Bubble Sort is an elementary sorting algorithm. It works by repeatedly exchanging adjacent elements, if necessary. When no exchanges are required, the file is sorted.
SEQUENTIAL BUBBLESORT (A)
for i ← 1 to length [A] do
for j ← length [A] downto i +1 do
If A[A] < A[j-1] then
Exchange A[j] ↔ A[j-1]
Here the number of comparison made
1 + 2 + 3 + .
. . + (n - 1) = n(n - 1)/2 = O(n2)
Clearly, the graph shows the n2 nature of the bubble sort.
In this algorithm the number of comparison is irrespective of data set i.e., input whether best or worst.
Clearly, bubble sort does not require extra memory.
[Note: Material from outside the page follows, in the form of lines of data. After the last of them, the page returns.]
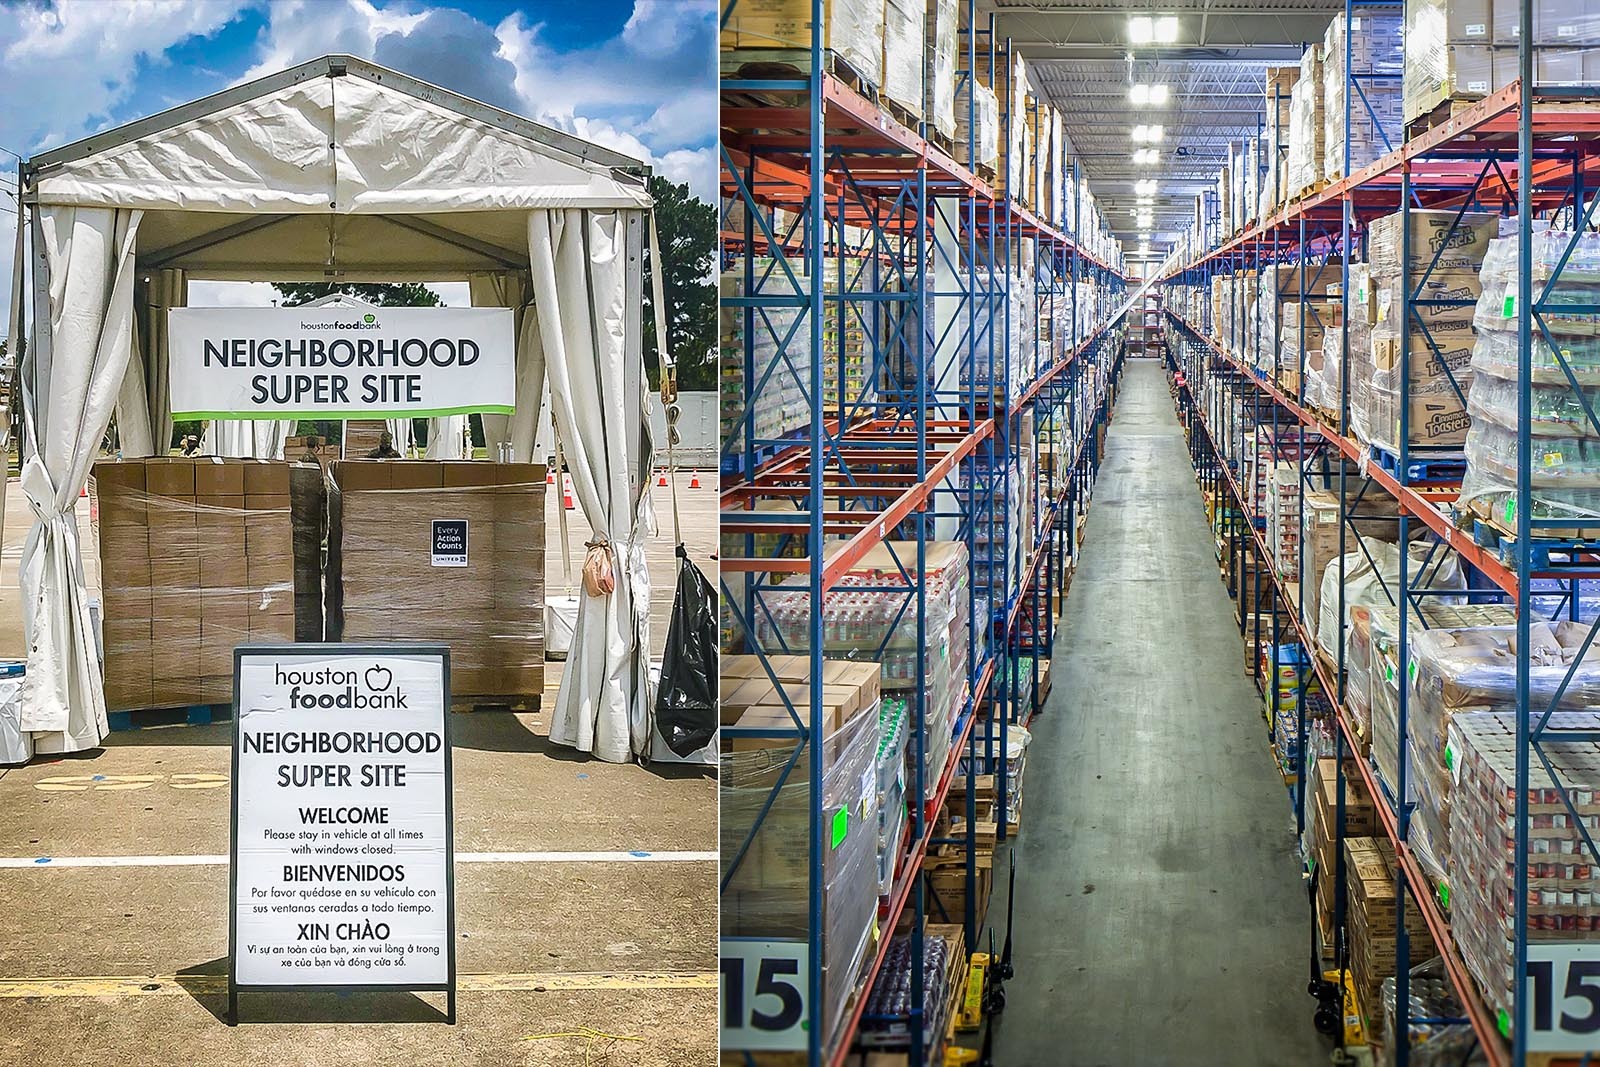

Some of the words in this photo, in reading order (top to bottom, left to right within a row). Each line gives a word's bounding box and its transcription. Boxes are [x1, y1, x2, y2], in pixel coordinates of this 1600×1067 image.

[301, 320, 381, 330] houstonfoodbank
[203, 338, 480, 368] NEIGHBORHOOD
[250, 374, 350, 405] SUPER
[360, 374, 422, 404] SITE
[1427, 417, 1471, 437] Toasters
[437, 526, 458, 534] Every
[275, 663, 358, 686] houston
[290, 686, 408, 709] foodbank
[242, 731, 442, 754] NEIGHBORHOOD
[277, 764, 353, 788] SUPER
[360, 764, 407, 788] SITE
[298, 807, 389, 825] WELCOME
[264, 828, 296, 840] Please
[298, 830, 319, 842] stay
[321, 829, 331, 839] in
[333, 828, 368, 840] vehicle
[370, 830, 381, 840] at
[383, 828, 396, 840] all
[398, 829, 424, 840] times
[290, 843, 312, 855] with
[314, 843, 359, 855] windows
[361, 843, 397, 855] closed.
[283, 864, 405, 882] BIENVENIDOS
[251, 887, 268, 898] Por
[270, 886, 297, 898] favor
[299, 886, 342, 900] quédase
[344, 889, 357, 897] en
[360, 889, 371, 897] su
[373, 885, 415, 897] vehículo
[417, 889, 436, 898] con
[252, 905, 269, 914] sus
[271, 904, 316, 913] ventanas
[318, 901, 359, 913] ceradas
[361, 904, 369, 913] a
[371, 901, 395, 913] todo
[397, 902, 434, 916] tiempo.
[296, 923, 330, 941] XIN
[335, 918, 391, 941] CHÀO
[272, 946, 285, 954] an
[352, 944, 366, 954] xin
[368, 944, 382, 954] vui
[416, 945, 440, 956] trong
[280, 960, 293, 968] xe
[720, 958, 803, 1032] 15
[1526, 961, 1600, 1034] 15
void bubbleSort(int numbers[], int array_size) { int i, j, temp; for (i = (array_size - 1); i >= 0; i--) { for (j = 1; j <= i; j++) { if (numbers[j-1] > numbers[j]) { temp = numbers[j-1]; numbers[j-1] = numbers[j]; numbers[j] = temp; } } } }
Algorithm for Parallel Bubble Sort
PARALLEL BUBBLE SORT (A)
- For k = 0 to n-2
- If k is even then
- for i = 0 to (n/2)-1 do in parallel
- If A[2i] > A[2i+1] then
- Exchange A[2i] ↔ A[2i+1]
- Else
- for i = 0 to (n/2)-2 do in parallel
- If A[2i+1] > A[2i+2] then
- Exchange A[2i+1] ↔ A[2i+2]
- Next k
Steps 1-10 is a one big loop that is represented n -1 times. Therefore, the parallel time complexity is O(n). If the algorithm, odd-numbered steps need (n/2) - 2 processors and even-numbered steps require (n/2) - 1 processors. Therefore, this needs O(n) processors.